Collection of Samples and Microbiological Analysis
Collected samples were enriched in liquid cultures (Brain Heart Infusion, Oxoid) for 24 hours at 37°C, then plated in McConkey Agar with three antimicrobial discs (amoxicillin-clavulanate 30μg, meropenem 10μg, ceftazidime 30μg) to detect multi-drug resistant bacteria (13). After overnight incubation, suspected MDR colonies were isolated for identification (standard biochemical methods), susceptibility testing and ESBL detection according with the European Committee on Antimicrobial Susceptibility Testing (EUCAST) guidelines (19–21).
MDR-GNB were defined as Gram-negative bacteria non-responders in vitro to at least three different classes of antimicrobials under testing (aminopenicillins, third-generation cephalosporins, monobactams, aminoglycosides and carbapenems).
Molecular characterization of MDR-GNB was performed using pulsed-field gel electrophoresis (PFGE) after DNA-cutting with restriction enzymes and electrophoretic profiles were interpreted according to standard procedures (18,22,23).
Prevalence of MDR-GNB carriage, in relation to patient characteristics, procedures and clinical outcomes were compared using the chi-square test or Fisher test for categorical variables and Student’s t-test or the Mann-Whitney U test for continuous variables.
A multivariate analysis by backward stepwise logistic regression was carried out to determine variables significantly associated with MDR-GNB carriage.

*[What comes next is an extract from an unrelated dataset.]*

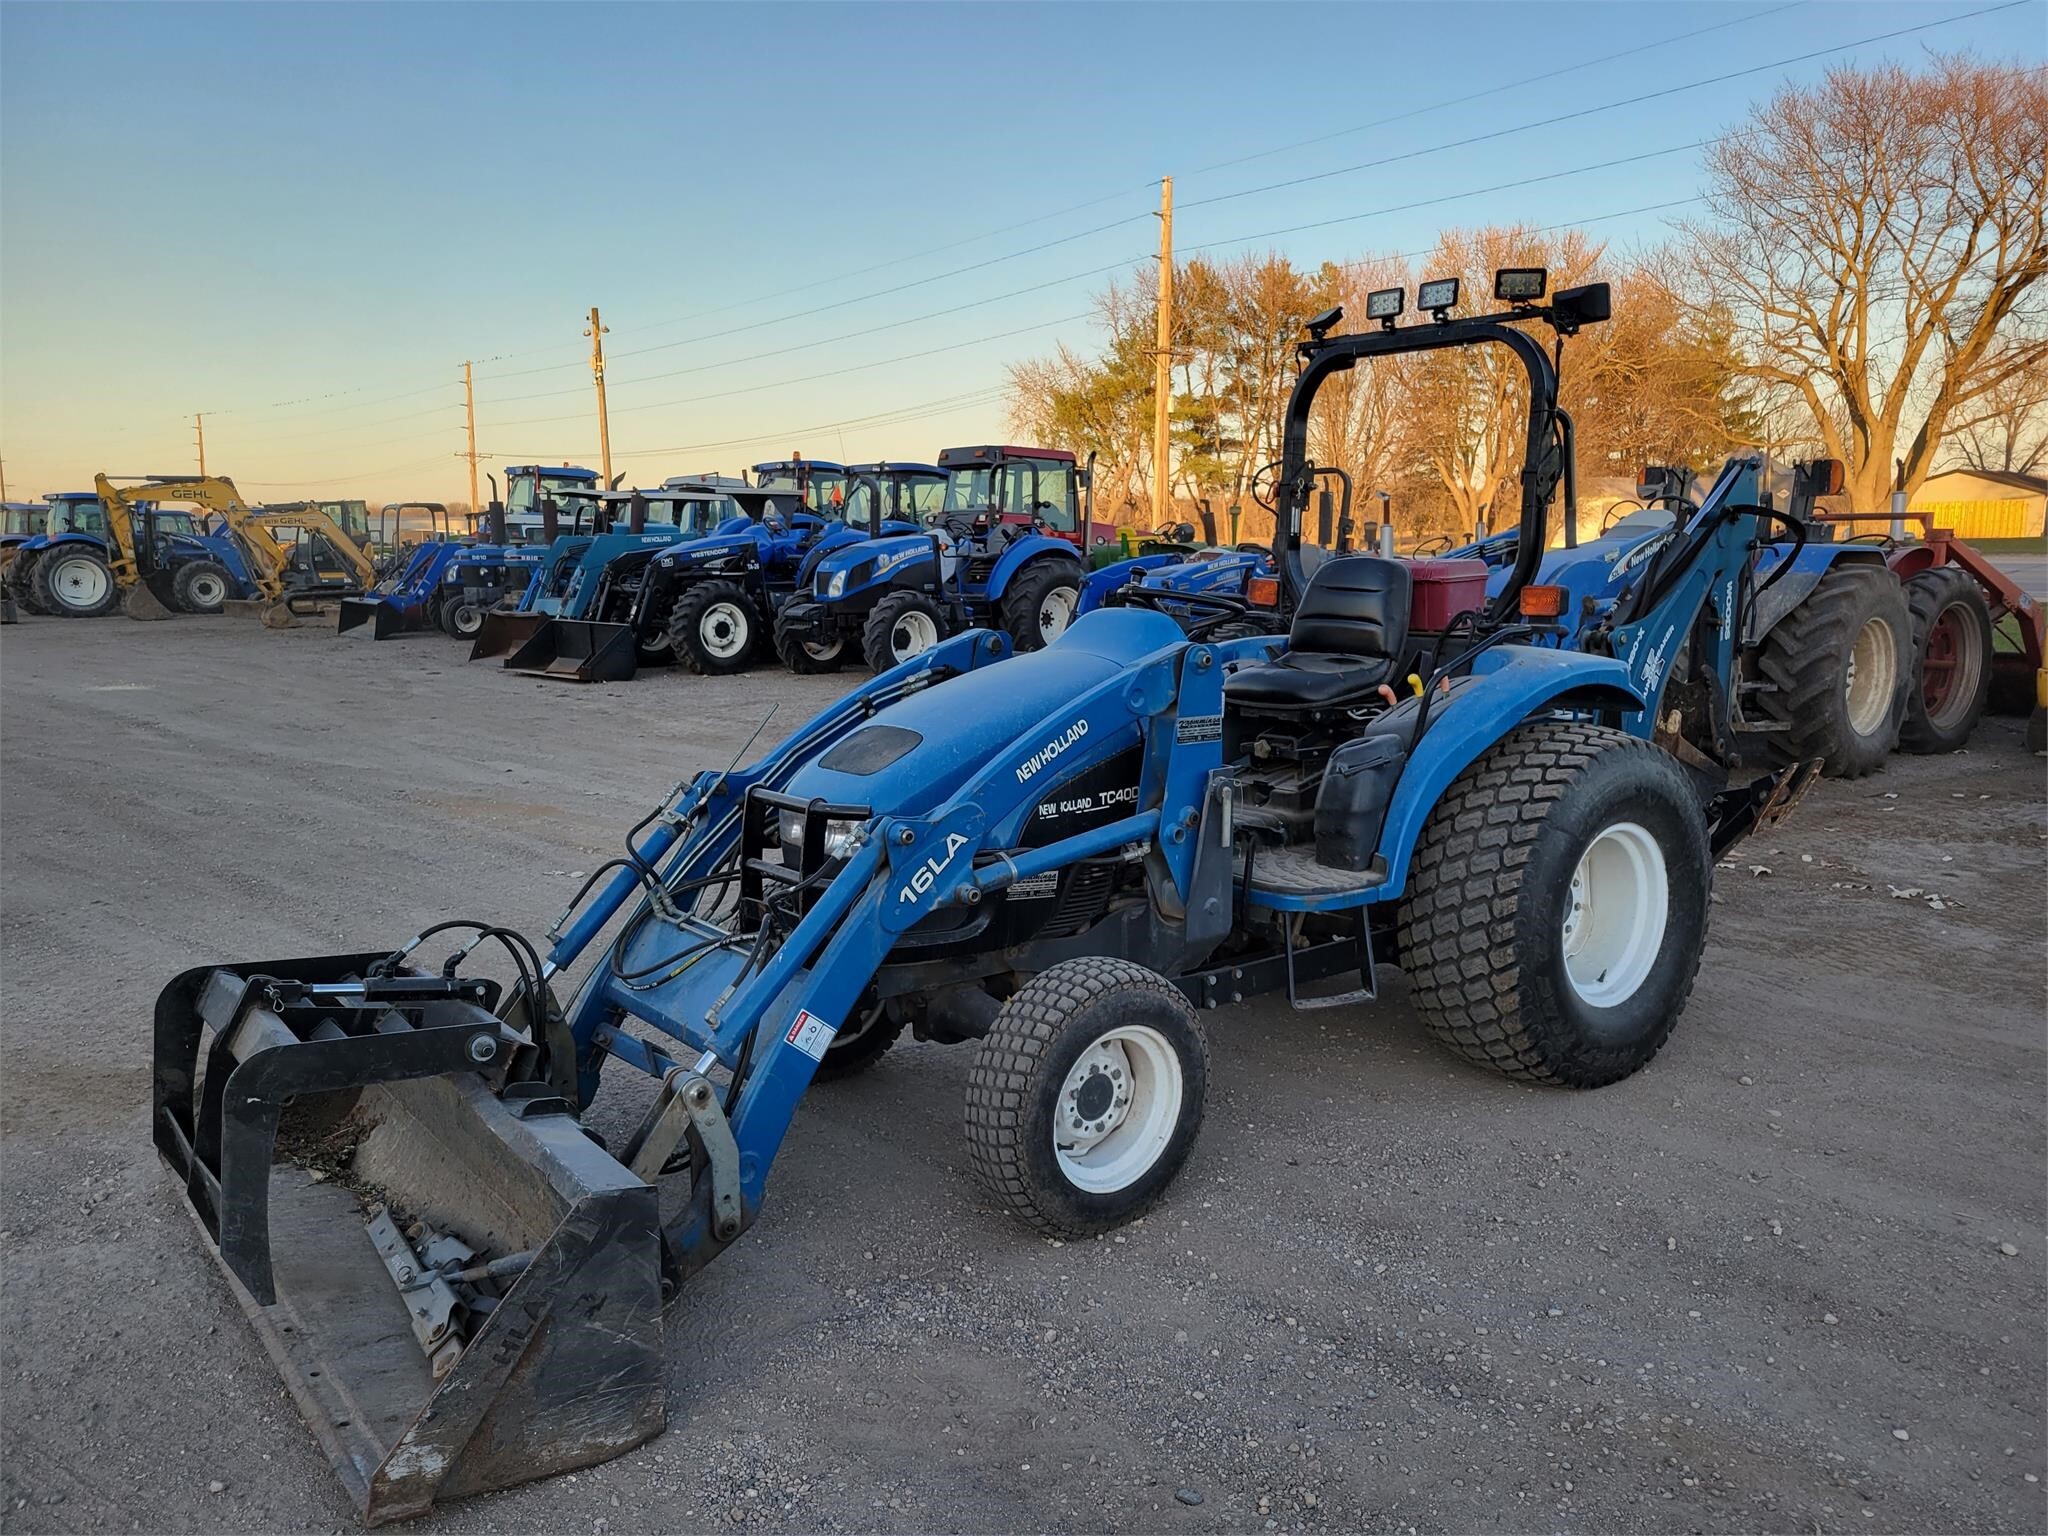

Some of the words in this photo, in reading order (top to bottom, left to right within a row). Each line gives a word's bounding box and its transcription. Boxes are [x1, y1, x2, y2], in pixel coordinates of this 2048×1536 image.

All variables that did differ between subjects with MDR-GNB carriage (p < 0.10) were initially entered in the model, and the least significant variables were removed one at a time. Goodness of fit of the logistic models was assessed using the Hosmer and Lemeshow test. Several multiple logistic regression models were tested in order to determine the most significant and simplest model with the best available fit for the data.
All significance tests were two-tailed, and p<0.05 was considered significant.
Statistical analysis was carried out by using the R statistical software package (version 3.6.1) and Microsoft Excel 2010.